Goethite and sulfidic solution reactions gave the strongest evidence for dorite by the relative equivalence of 1- and 0.5-nm peaks. Dorite also contributes to the 0.5-nm peak that is mostly attributed to poorly crystalline mackinawite (Fig. 1A). Both XRD peaks maintained about equal intensities through the first 31-h reaction time. The dorite first-order peak waned within 96 h. In addition, pyrite and rhombic sulfur were present after 96 h. Dried goethite did not form dorite or mackinawite as discussed later (Table 1).

View larger version (22K): [in this window] [in a new window]   Fig. 1. X-ray diffraction curves of precipitated iron sulfides from the reactions between sulfide ions and three Fe sources in saline environments at different times. Goethite in NaCl solution (A). Ferrihydrite in NaCl solution (B). Ferrihydrite in artificial seawater (C). S = rhombic sulfur; P = pyrite, N = NaCl; peak labels are in nanometers.

The ferrihydrite in artificial seawater also produced dorite and mackinawite early in the reaction series (Fig. 1C). The dorite peak weakened and mackinawite was dominant after 120 h. Further reaction time produced pyrite and little mackinawite remained. The narrow pyrite and rhombic sulfur peaks produced in both ferrihydrite reaction series depicted a sharp contrast in the crystal size of dorite compared with pyrite and rhombic sulfur.

Hematite, represented by previously dried reagent Fe oxide, yielded a 1-nm peak, attributed to dorite, and rhombic sulfur. The 1-nm dorite peak disappeared before the 21-h XRD curve was obtained and mackinawite and rhombic sulfur were present. After 65 h, mackinawite and pyrite were observed.

The XRD data from the reaction between FeSO₄·7H₂O and sulfide indicate that mackinawite and rhombic sulfur precipitate in the first 4.5 h. After 30 h, pyrite was detected in addition to the other two minerals (Table 1).
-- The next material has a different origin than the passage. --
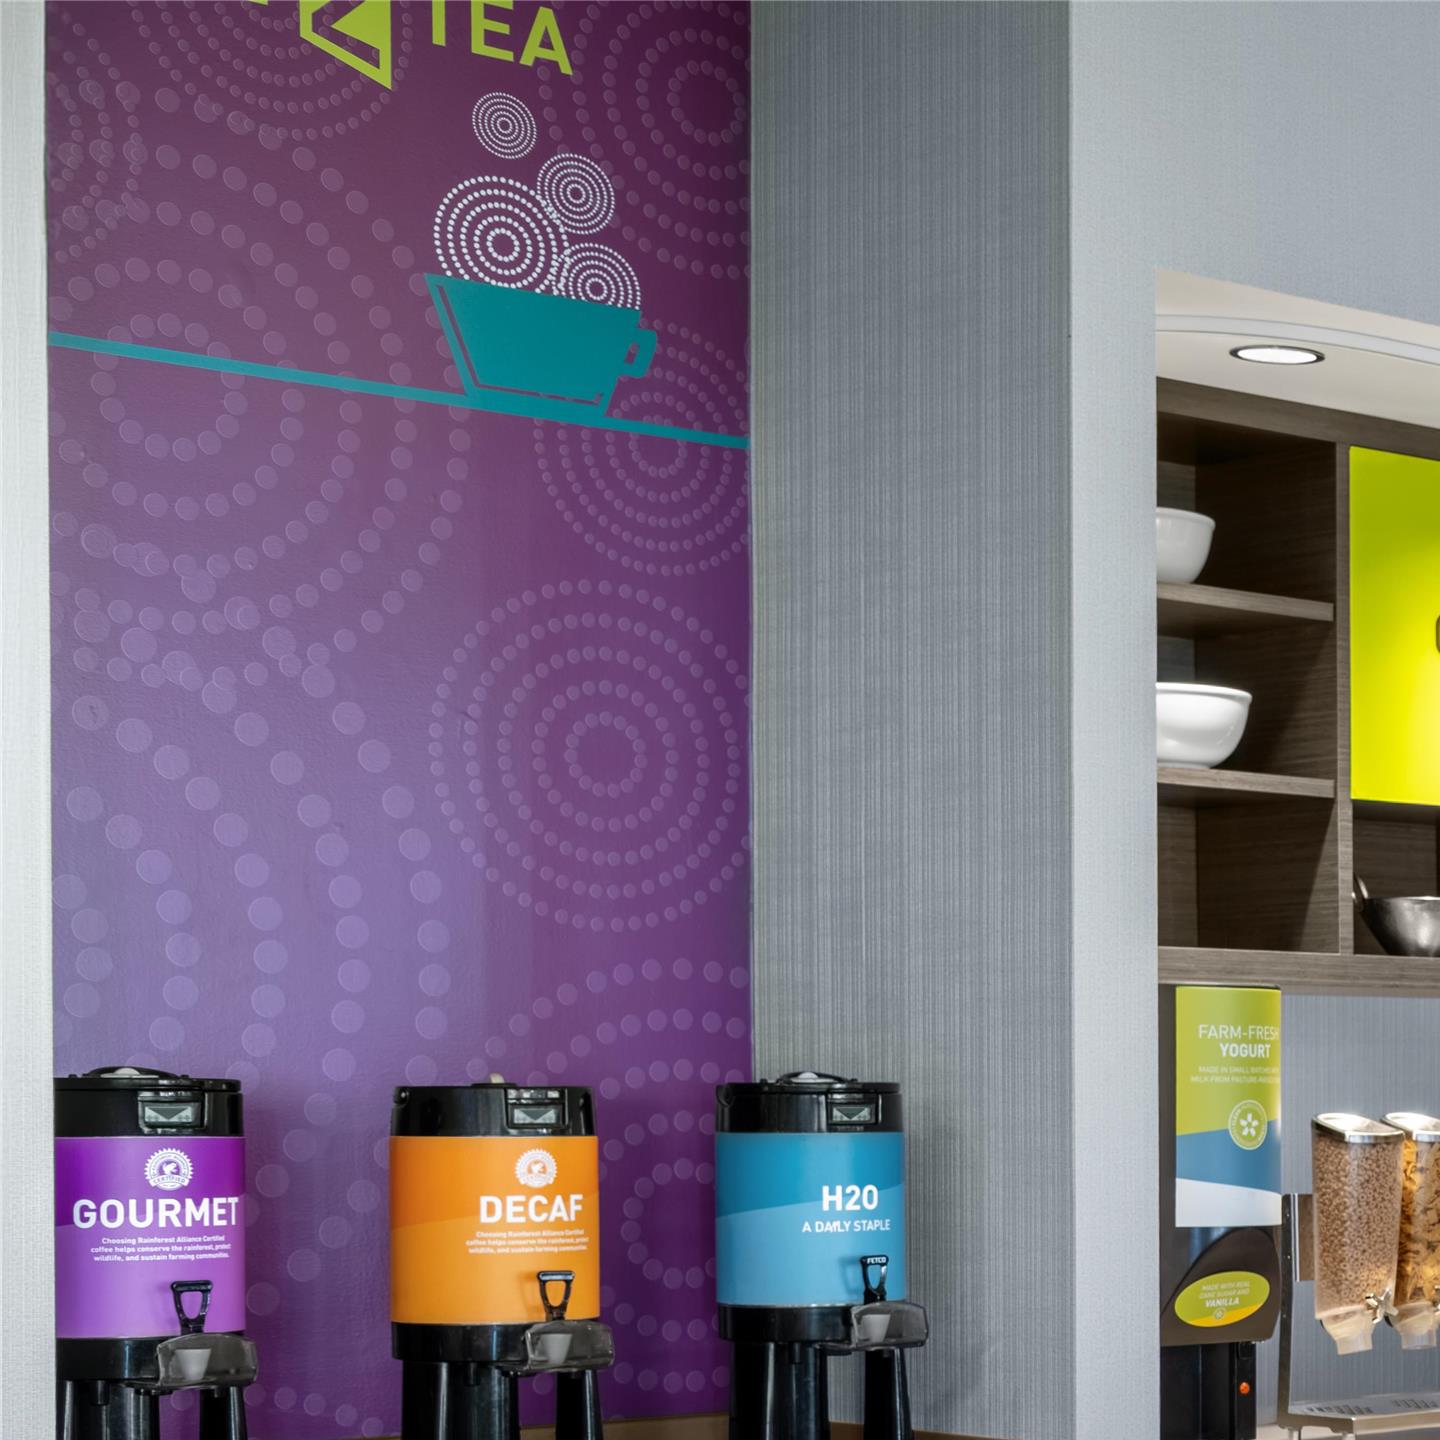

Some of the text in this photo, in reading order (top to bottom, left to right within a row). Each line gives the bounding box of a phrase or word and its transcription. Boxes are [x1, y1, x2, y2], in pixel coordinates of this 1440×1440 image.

Ferrihydrite and goethite samples that were dried before the reaction with sulfide in the NaCl solutions did not yield dorite (Table 1).

Transmission Electron Microscopy Observations
Electron microscopy observations indicated good electron beam penetration was limited to edges of the particles because they tended to be thick in the middle and were composed of high atomic number elements. Long sets of fringes with dimensions of approximately 1-nm and only a few per set were present in the sample in few places (Fig. 2A) indicating a poorly developed crystalline phase. Some fringes were long yet occurred in a very disorderly arrangement (Fig. 2B). Also, short fringes at approximately 1 nm, in various orientations, were visible in many places (e.g., Fig. 2C). The infrequency of coarse fringes and their presence in pairs or a few repeats indicates that the individual crystals were very thin. The goethite used as a source of Fe in some experiments produced very orderly fringes at 0.27 nm that were useful as an internal standard yet they were too closely spaced to interfere with the fringes attributed to dorite.

View larger version (144K): [in this window] [in a new window]   Fig. 2. Transmission electron microscope image of FeS with long lattice fringes spaced at approximately 1 nm trending downward to the right (A); long lattice fringes at various orientations (B); and short lattice fringes some parallel and others converging in almost horizontal orientation (C). The scale is in nanometers.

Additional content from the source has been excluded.